It was identified that majority of such application failures are mainly due to the applications' custom memory allocator that incorrectly returns 4-byte aligned mutexes in place of the required 8-byte aligned mutexes. In Solaris, mutex_t and pthread_mutex_t structures have been defined to be aligned on an 8-byte boundary. Both of those structures contain the upad64_t member, which is a double even for the 32-bit applications. The natural alignment of a double is 8 bytes; and per the SPARC Compliance Definition 2.4, the structures must be aligned according to their strictest member. That is, applications which create 4-byte aligned mutexes are technically non-compliant on Solaris/SPARC (for the sake of simplicity, such code will be referred to as the non-complying code for the remainder of this blog entry).

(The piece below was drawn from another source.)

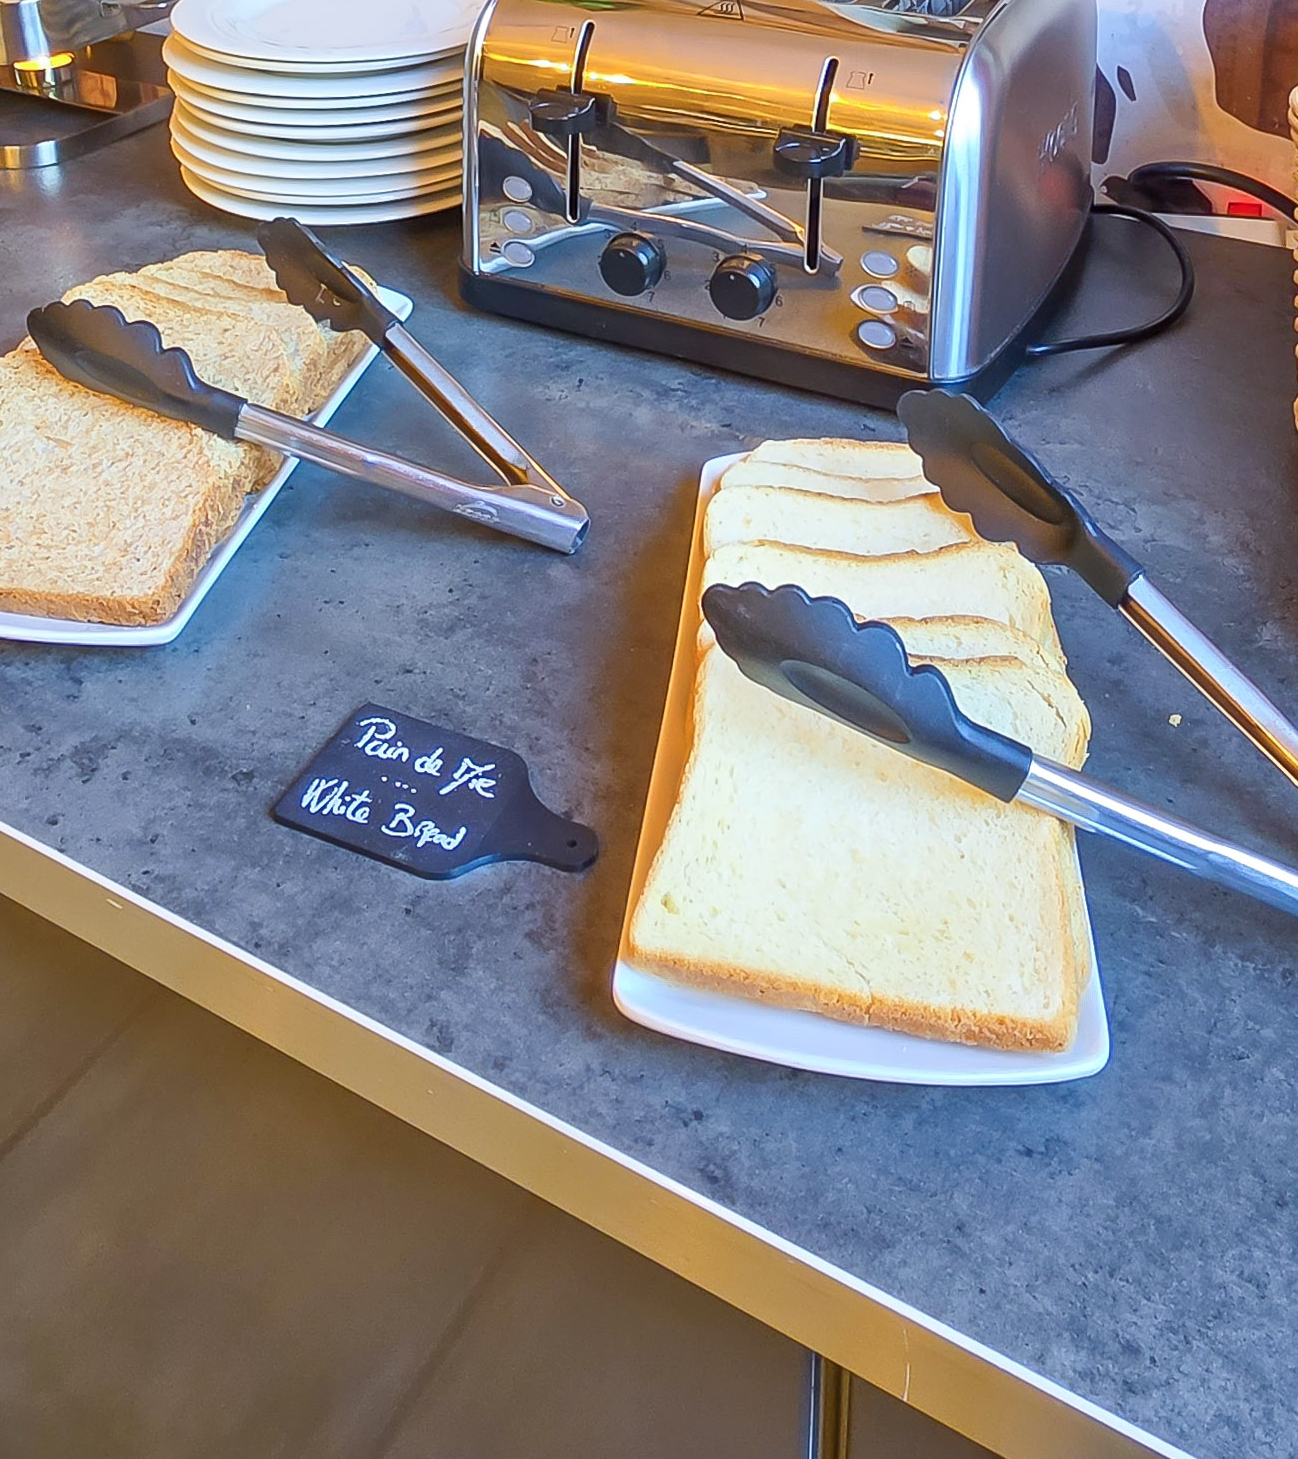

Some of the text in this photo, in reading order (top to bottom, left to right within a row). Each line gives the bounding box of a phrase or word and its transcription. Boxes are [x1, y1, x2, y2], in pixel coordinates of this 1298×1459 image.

[354, 716, 410, 764] Pain
[413, 746, 446, 777] de
[300, 777, 375, 824] White

Due to a change in the implementation of the userland mutexes introduced by CR 6296770 in KU 137111-01, objects of type mutex_t and pthread_mutex_t must start at 8-byte aligned addresses. If this requirement is not satisfied, all non-compliant applications on Solaris/SPARC may fail with the signal SEGV with a callstack similar to the following one or with similar callstacks containing the function mutex_trylock_process.


*_atomic_cas_64(0x141f2c, 0x0, 0xff000000, 0x1651, 0xff000000, 0x466d90)
set_lock_byte64(0x0, 0x1651, 0xff000000, 0x0, 0xfec82a00, 0x0)
fast_process_lock(0x141f24, 0x0, 0x1, 0x1, 0x0, 0xfeae5780)
...


Patches & the Next Steps

Note that only non-compliant 32-bit applications will be affected by the KU 137111. All other complying 32-bit applications continue to run as expected even with the KU 137111 - hence the customers, partners, ISVs and the other software vendors must understand the fact that it is not a Solaris issue. Customers running into this issue must work with the respective software vendors to obtain a patch/fix. We suggest the ISVs and the rest of the software vendors to pro-actively check their 32-bit native code for any discrepancies like the one mentioned in this blog entry.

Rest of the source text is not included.